> What you need to do:
Each entry must be given again exactly as it appears, with images excluded.

Phrase grounding data
┌──
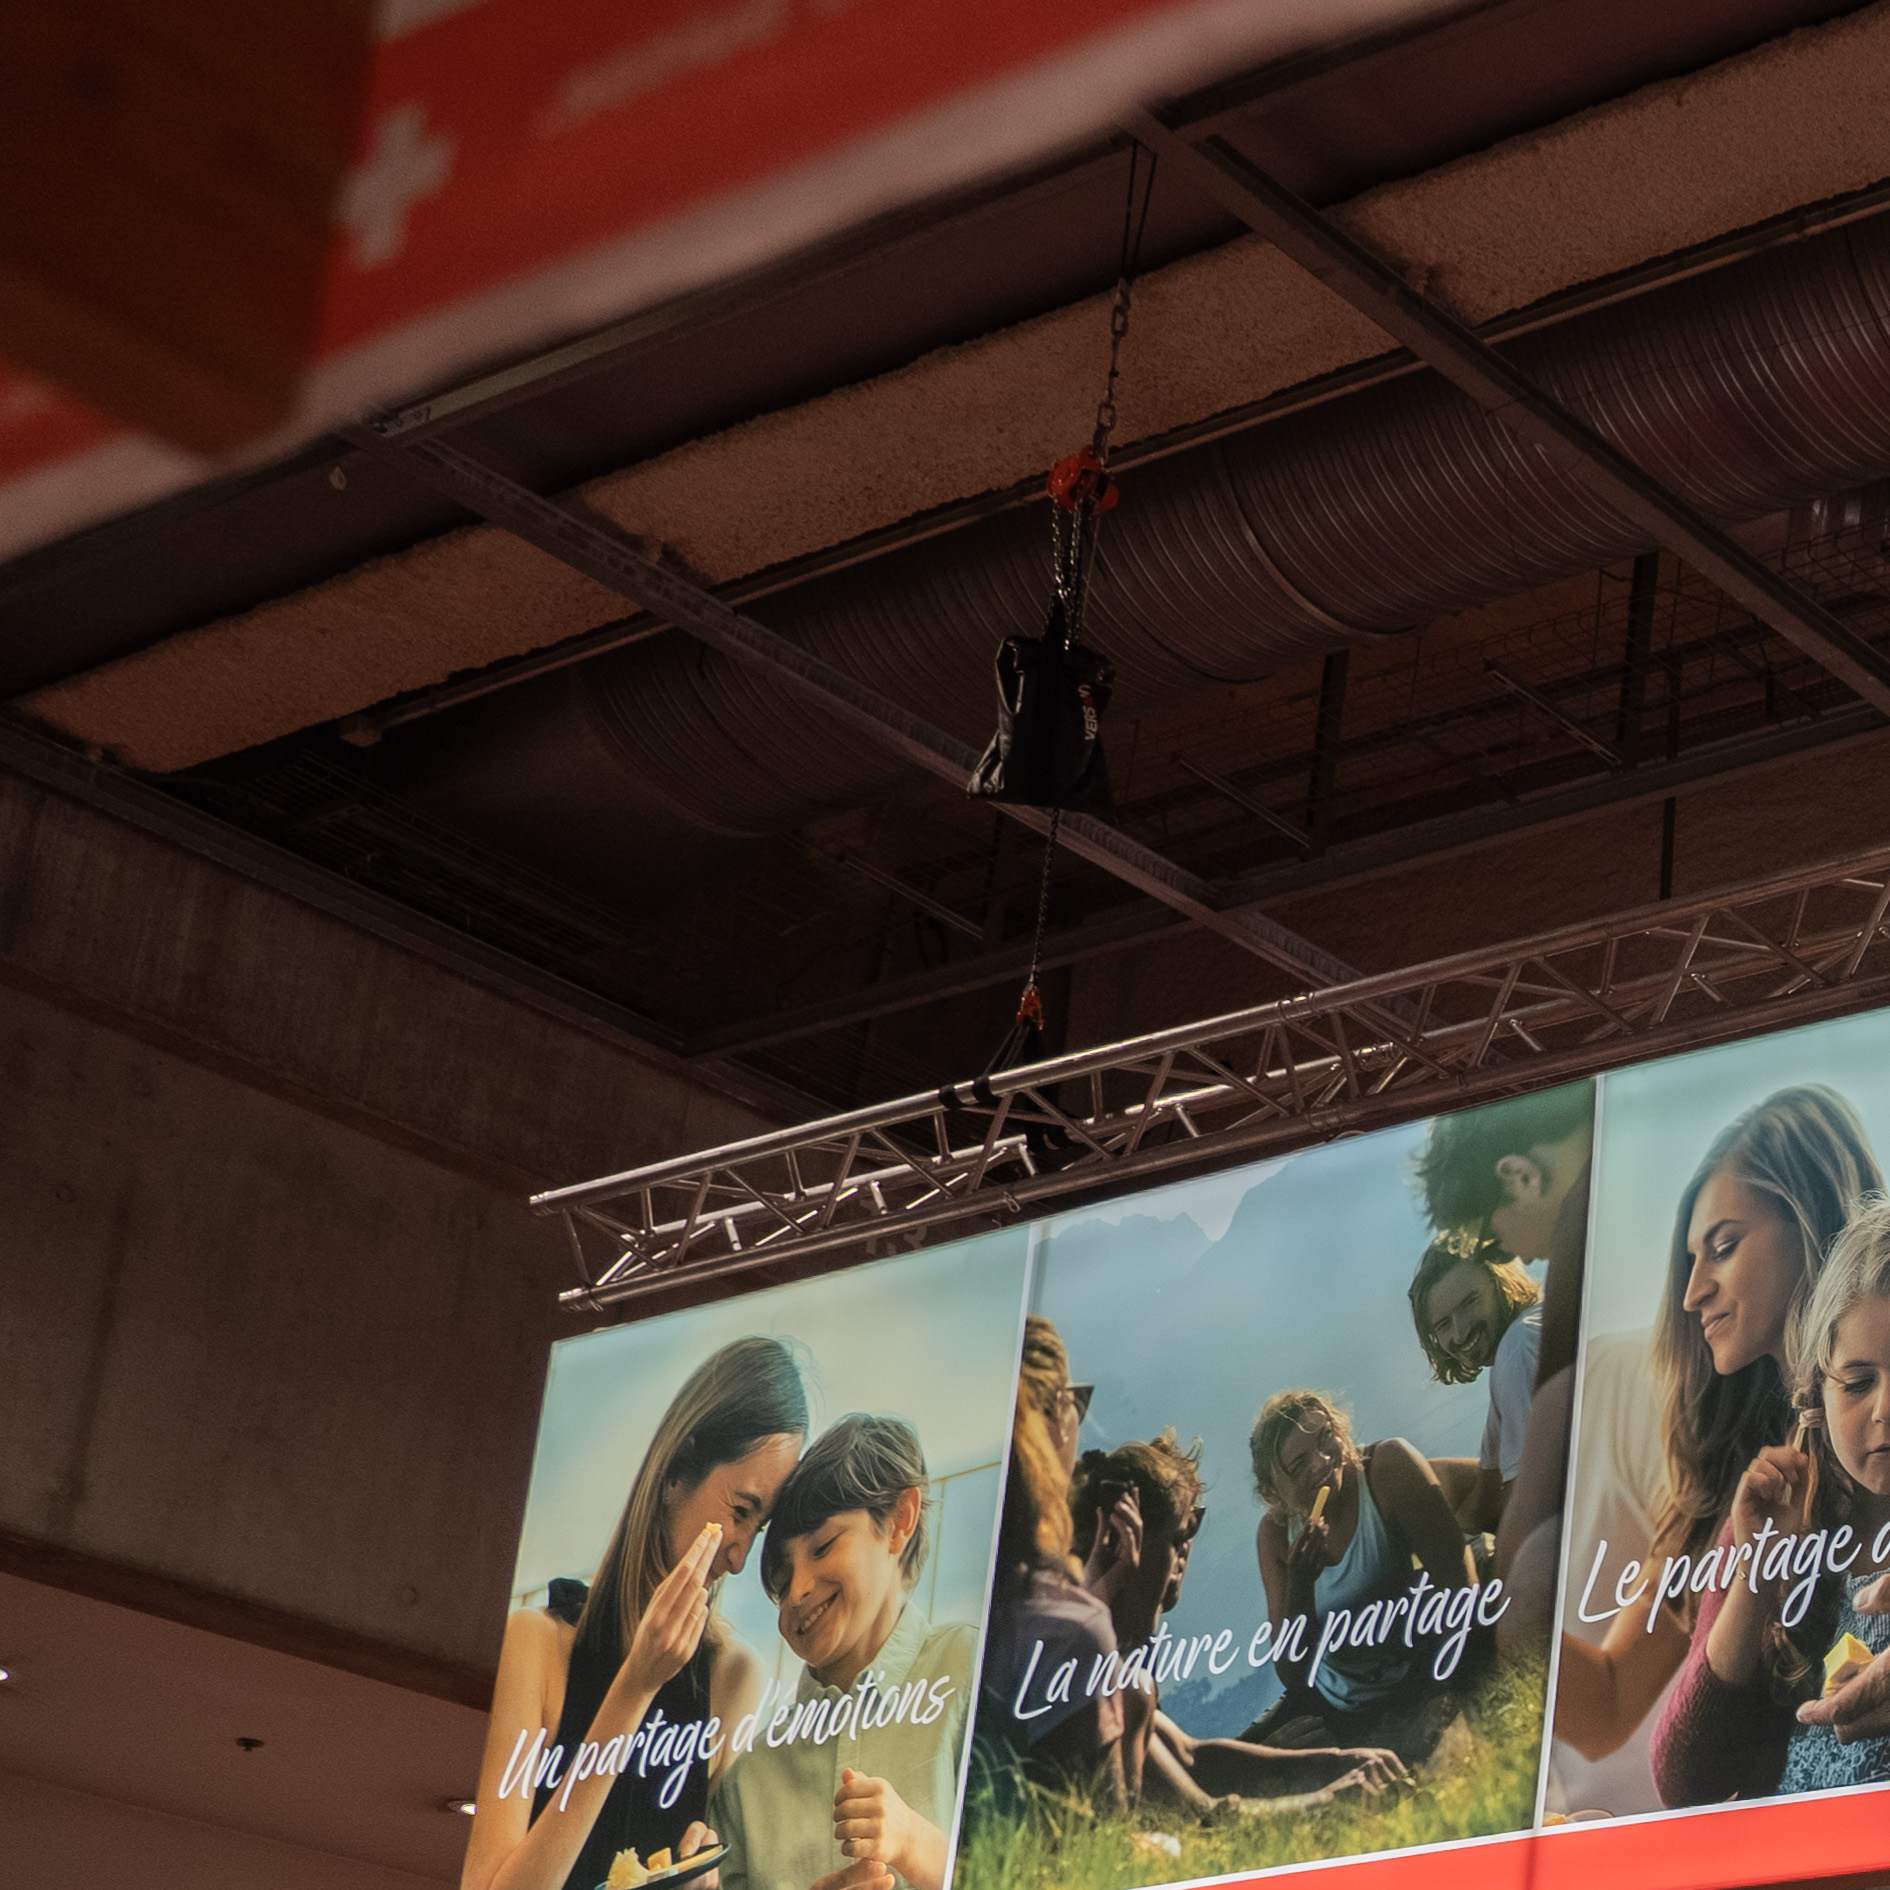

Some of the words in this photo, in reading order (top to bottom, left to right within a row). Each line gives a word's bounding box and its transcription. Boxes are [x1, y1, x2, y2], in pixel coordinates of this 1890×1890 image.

[1014, 1640, 1079, 1720] La
[1085, 1621, 1240, 1697] nature
[1248, 1613, 1309, 1668] en
[1307, 1571, 1511, 1687] partage
[1577, 1539, 1650, 1623] Le
[1646, 1517, 1862, 1634] partage
[498, 1727, 564, 1800] Un
[559, 1709, 727, 1812] partage
[731, 1670, 957, 1753] d'émotions
└──
> Final answer:
Some of the words in this photo, in reading order (top to bottom, left to right within a row). Each line gives a word's bounding box and its transcription. Boxes are [x1, y1, x2, y2], in pixel coordinates of this 1890×1890 image.

[1014, 1640, 1079, 1720] La
[1085, 1621, 1240, 1697] nature
[1248, 1613, 1309, 1668] en
[1307, 1571, 1511, 1687] partage
[1577, 1539, 1650, 1623] Le
[1646, 1517, 1862, 1634] partage
[498, 1727, 564, 1800] Un
[559, 1709, 727, 1812] partage
[731, 1670, 957, 1753] d'émotions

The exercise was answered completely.